# Create the Fetures Group from PCAPs

In [1]:
# Install scapy
# !pip install scapy

import re

# Utilities for Text and Regular Expressions
import string

# Datetime for Timestamp Processing
from datetime import datetime

# Standard and Data Analysis Libraries
import numpy as np
import pandas as pd
import hashlib

# Scapy for Packet Analysis
from scapy.all import IP, TCP, UDP, Ether, PcapReader, Raw, sniff



In [2]:
from functools import wraps
from time import time


def timing(f):
    @wraps(f)
    def wrap(*args, **kw):
        ts = time()
        result = f(*args, **kw)
        te = time()
        print("func:%r took: %2.4f sec" % (f.__name__, te - ts))
        return result

    return wrap

**Load PCAP Data:**

In [3]:
"""
def packets_from_pcap(filepath, chunk_size=10):
    packets = []
    with PcapReader(filepath) as pcap_reader:
        for packet in pcap_reader:
            packets.append(packet)
            if len(packets) == chunk_size:
                yield packets
                packets = []
        if packets:  # if there are any packets left in the buffer
            yield packets
"""


@timing
def packets_from_pcap(filepath, chunk_size=100, max_chunks=20):
    """
    Generator function to yield chunks of packets from a pcap file up to a specified number of chunks.
    """
    packets = []
    chunk_count = 0  # Initialize a counter for the number of yielded chunks
    with PcapReader(filepath) as pcap_reader:
        for packet in pcap_reader:
            packets.append(packet)
            if len(packets) == chunk_size:
                yield packets
                packets = []
                chunk_count += 1  # Increment the chunk counter
                if chunk_count >= max_chunks:
                    break  # Stop after reaching the specified number of chunks
        if packets:  # if there are any packets left in the buffer
            yield packets

**Extract Network Traffic Features:**

In [4]:
@timing
def extract_network_traffic_features(packets):
    # List to collect packet data
    network_traffic_features = []

    # Protocol number to name mapping (only adding common ones, expand as needed)
    protocol_mapping = {6: "TCP", 17: "UDP"}

    for packet in packets:
        # Initialize variables for each feature
        eth_src = eth_dst = src_ip = dst_ip = src_port = dst_port = protocol = None
        timestamp = packet.time

        # Extract Ethernet frame information
        if Ether in packet:
            eth_src = packet[Ether].src
            eth_dst = packet[Ether].dst

        # Extract IP packet information
        if IP in packet:
            src_ip = packet[IP].src
            dst_ip = packet[IP].dst

            if TCP in packet:
                src_port = packet[TCP].sport
                dst_port = packet[TCP].dport
                protocol = "TCP"
            elif UDP in packet:
                src_port = packet[UDP].sport
                dst_port = packet[UDP].dport
                protocol = "UDP"
            else:
                # Handle other IP protocols
                protocol = protocol_mapping.get(packet[IP].proto, packet[IP].proto)

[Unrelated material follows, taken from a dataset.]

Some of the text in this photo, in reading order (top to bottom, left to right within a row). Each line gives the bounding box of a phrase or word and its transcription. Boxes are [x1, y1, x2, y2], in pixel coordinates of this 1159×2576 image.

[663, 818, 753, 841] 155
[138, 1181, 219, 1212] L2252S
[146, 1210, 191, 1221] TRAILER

        # Append extracted features to the list
        network_traffic_features.append(
            {
                "eth_src": eth_src,
                "eth_dst": eth_dst,
                "src_ip": src_ip,
                "dst_ip": dst_ip,
                "src_port": src_port,
                "dst_port": dst_port,
                "protocol": protocol,
                "timestamp": timestamp,
            }
        )

    # Convert the list to a DataFrame
    return pd.DataFrame(network_traffic_features)

 **Extract Session-related Information Features:**

In [5]:
@timing
def extract_session_behavior_features(packets):
    session_behaviour_features = []

    # Given that session identification is non-trivial, let's focus on other metrics
    # such as inter-arrival time for packets from the same source

    src_times = {}

    for packet in packets:
        if IP in packet:
            src_ip = packet[IP].src
            timestamp = packet.time

            if src_ip in src_times:
                inter_arrival_time = timestamp - src_times[src_ip]
            else:
                inter_arrival_time = None

            src_times[src_ip] = timestamp
            session_behaviour_features.append(
                {"src_ip": src_ip, "inter_arrival_time": inter_arrival_time}
            )

    return pd.DataFrame(session_behaviour_features)

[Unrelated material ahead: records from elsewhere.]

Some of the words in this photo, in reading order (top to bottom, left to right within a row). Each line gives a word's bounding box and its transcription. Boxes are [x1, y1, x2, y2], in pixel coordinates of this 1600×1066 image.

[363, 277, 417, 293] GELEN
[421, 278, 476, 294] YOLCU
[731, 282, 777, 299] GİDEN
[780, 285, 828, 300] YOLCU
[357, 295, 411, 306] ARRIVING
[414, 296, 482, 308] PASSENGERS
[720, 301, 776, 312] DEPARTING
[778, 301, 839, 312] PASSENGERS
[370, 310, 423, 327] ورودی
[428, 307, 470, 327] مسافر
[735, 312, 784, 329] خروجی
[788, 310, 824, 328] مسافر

**Extract Network Flow Features:**

In [6]:
@timing
def extract_network_flow_features(packets):
    network_flow_list = []

    flow_packet_counts = {}
    flow_total_bytes = {}
    flow_first_timestamp = {}
    flow_last_timestamp = {}

    for packet in packets:
        timestamp = datetime.utcfromtimestamp(float(packet.time)).strftime(
            "%Y-%m-%d %H:%M:%S"
        )

        # Extract Ethernet frame information
        eth_src, eth_dst = None, None
        if Ether in packet:
            eth_src = packet[Ether].src
            eth_dst = packet[Ether].dst

        # Extract IP packet information
        if IP in packet:
            src_ip = packet[IP].src
            dst_ip = packet[IP].dst

            src_port, dst_port = None, None
            if TCP in packet:
                src_port = packet[TCP].sport
                dst_port = packet[TCP].dport
            elif UDP in packet:
                src_port = packet[UDP].sport
                dst_port = packet[UDP].dport

            flow_identifier = (src_ip, dst_ip, src_port, dst_port)

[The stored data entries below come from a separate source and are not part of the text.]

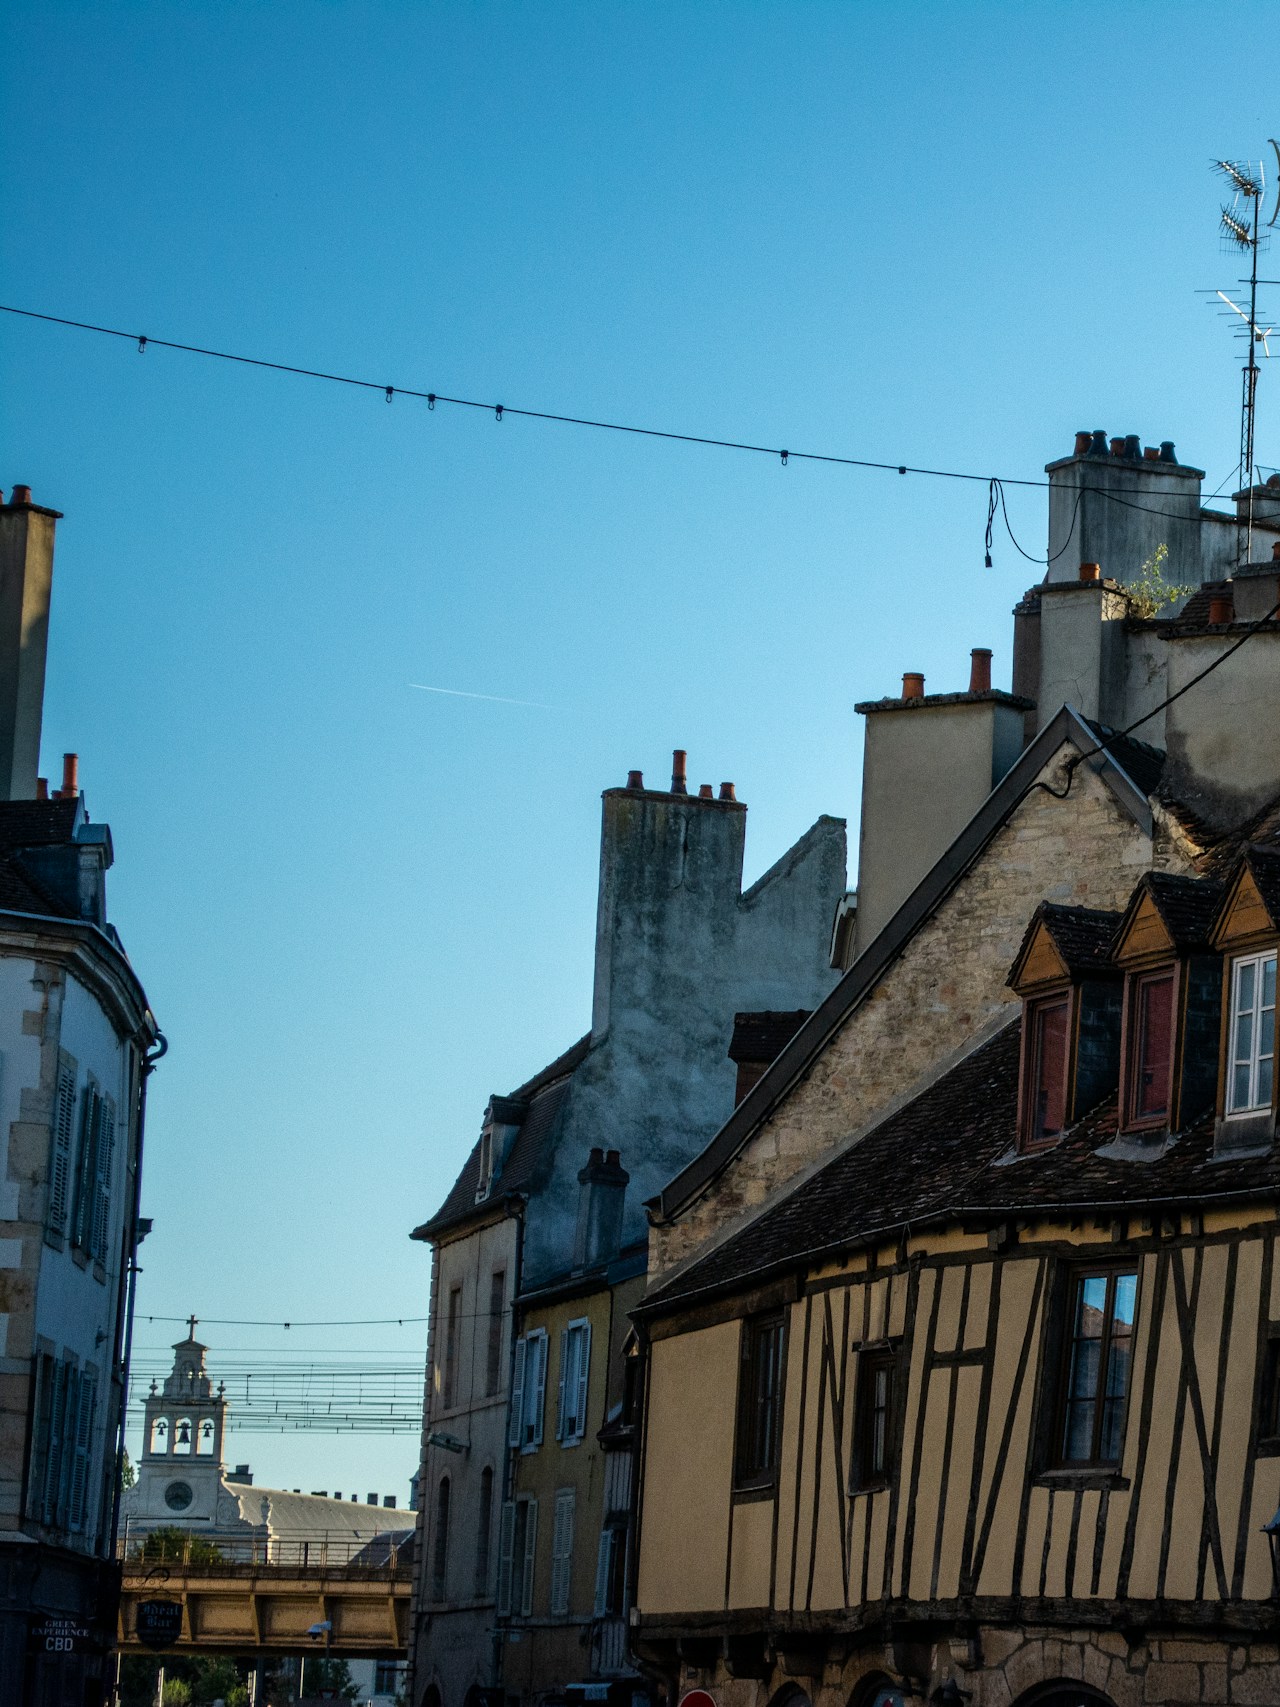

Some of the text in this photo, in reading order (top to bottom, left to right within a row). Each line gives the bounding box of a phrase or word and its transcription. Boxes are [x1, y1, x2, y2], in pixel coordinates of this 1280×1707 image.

[45, 1620, 77, 1628] GREEN
[31, 1627, 90, 1637] EXPERIENCE
[45, 1636, 74, 1652] CBD
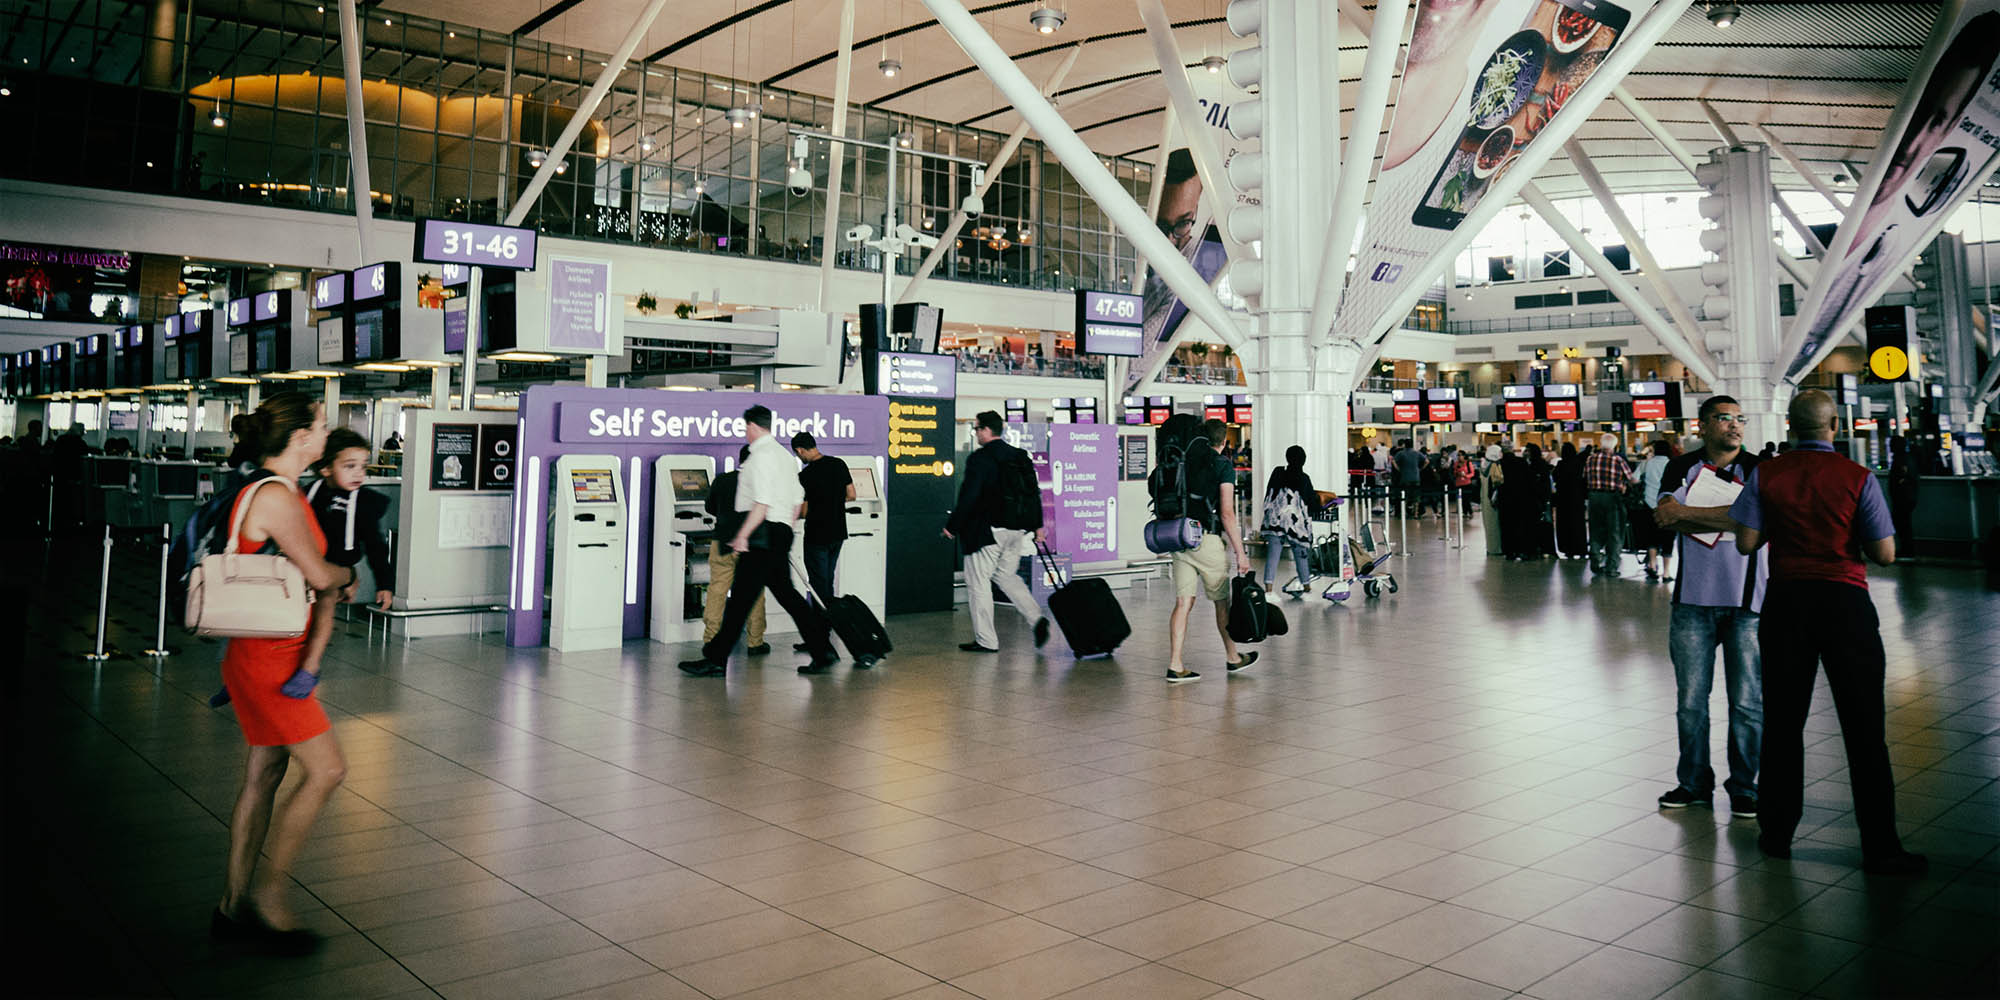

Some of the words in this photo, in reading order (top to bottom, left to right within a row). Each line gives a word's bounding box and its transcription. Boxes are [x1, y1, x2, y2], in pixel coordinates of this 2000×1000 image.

[443, 229, 518, 259] 31-46
[371, 265, 385, 291] 45
[317, 280, 329, 303] 44
[1095, 298, 1135, 318] 47-60
[1503, 386, 1517, 397] 72
[1562, 385, 1577, 395] 73
[588, 407, 644, 437] Self
[650, 409, 747, 438] Service
[771, 410, 827, 438] heck
[834, 413, 855, 438] In
[1070, 431, 1100, 441] Domestic
[1072, 444, 1097, 453] Airlines

            if flow_identifier not in flow_packet_counts:
                flow_packet_counts[flow_identifier] = 0
                flow_total_bytes[flow_identifier] = 0
                flow_first_timestamp[flow_identifier] = timestamp

            flow_packet_counts[flow_identifier] += 1
            flow_total_bytes[flow_identifier] += len(packet)
            flow_last_timestamp[flow_identifier] = timestamp

    for flow_identifier, packet_count in flow_packet_counts.items():
        src_ip, dst_ip, src_port, dst_port = flow_identifier
        total_bytes = flow_total_bytes[flow_identifier]
        first_timestamp = flow_first_timestamp[flow_identifier]
        last_timestamp = flow_last_timestamp[flow_identifier]

        if src_ip.startswith("192.168.1"):
            traffic_direction = "Outbound"
        elif dst_ip.startswith("192.168.1"):
            traffic_direction = "Inbound"
        else:
            traffic_direction = "External"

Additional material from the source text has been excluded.